= Beginning of Section =

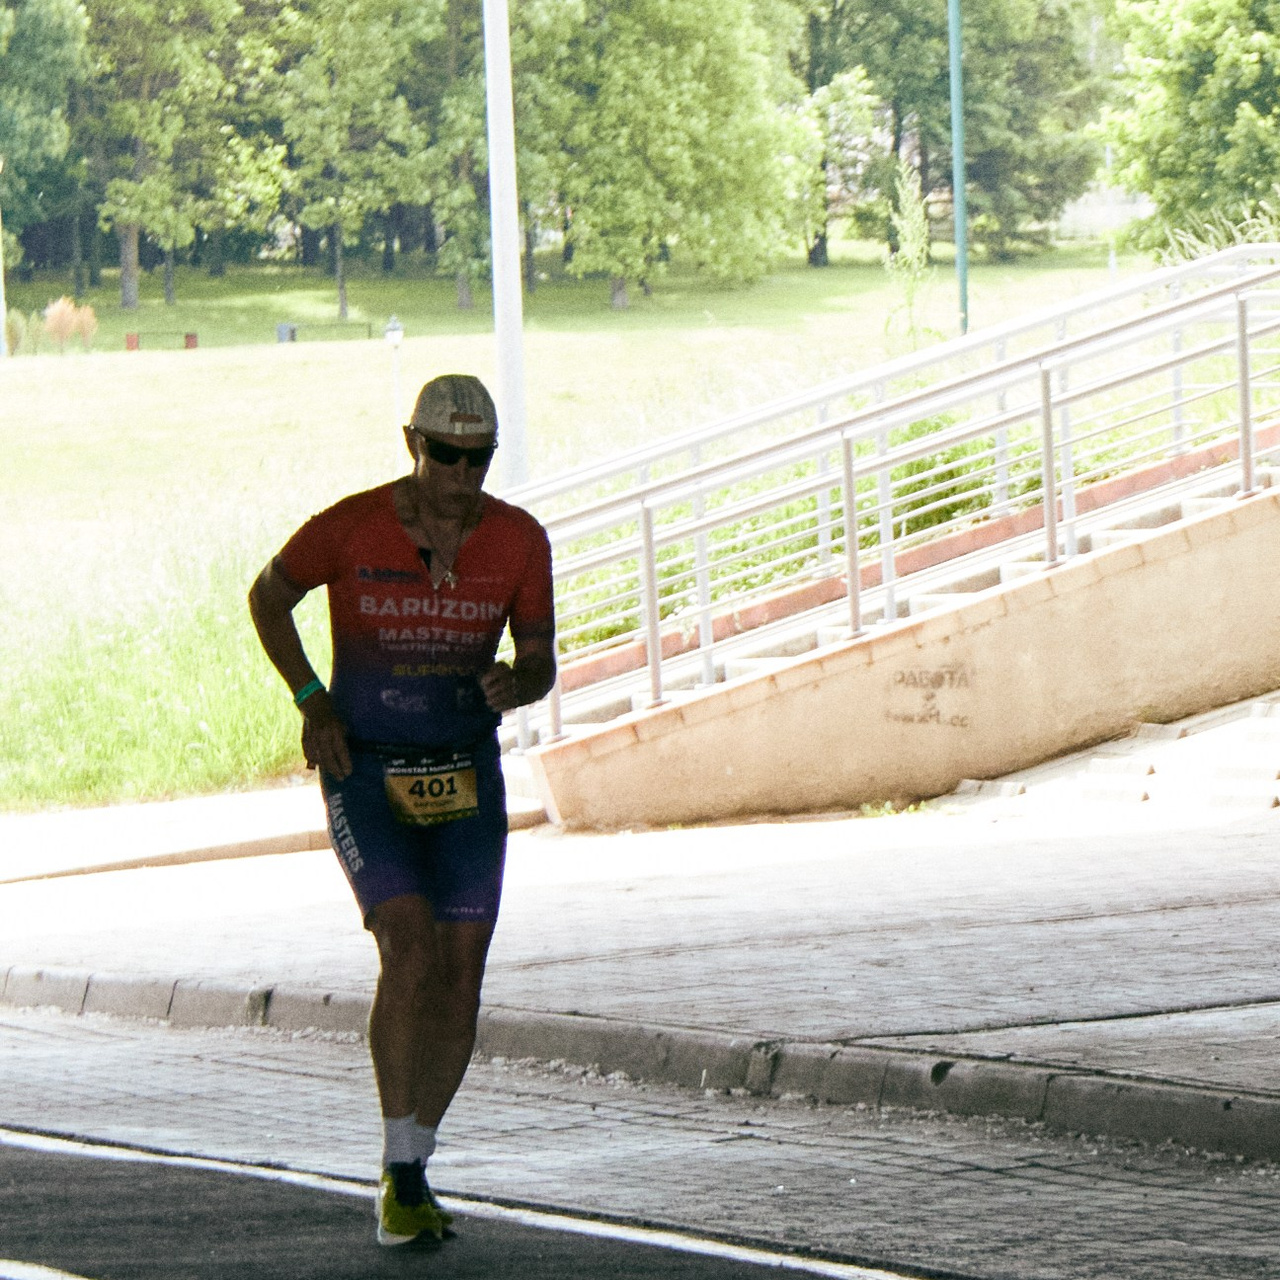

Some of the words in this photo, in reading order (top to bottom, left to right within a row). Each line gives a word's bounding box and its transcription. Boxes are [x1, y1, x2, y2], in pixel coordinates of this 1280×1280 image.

[360, 595, 504, 621] BARUZDIN
[379, 626, 488, 645] MASTERS
[408, 776, 458, 798] 401
[328, 792, 364, 873] MASTERS

= End of Section =

* [YOUR ASSIGNMENT]:
Leaving out the pictures, repeat all the entries exactly as they stand.

* [SOLUTION]:
Some of the words in this photo, in reading order (top to bottom, left to right within a row). Each line gives a word's bounding box and its transcription. Boxes are [x1, y1, x2, y2], in pixel coordinates of this 1280×1280 image.

[360, 595, 504, 621] BARUZDIN
[379, 626, 488, 645] MASTERS
[408, 776, 458, 798] 401
[328, 792, 364, 873] MASTERS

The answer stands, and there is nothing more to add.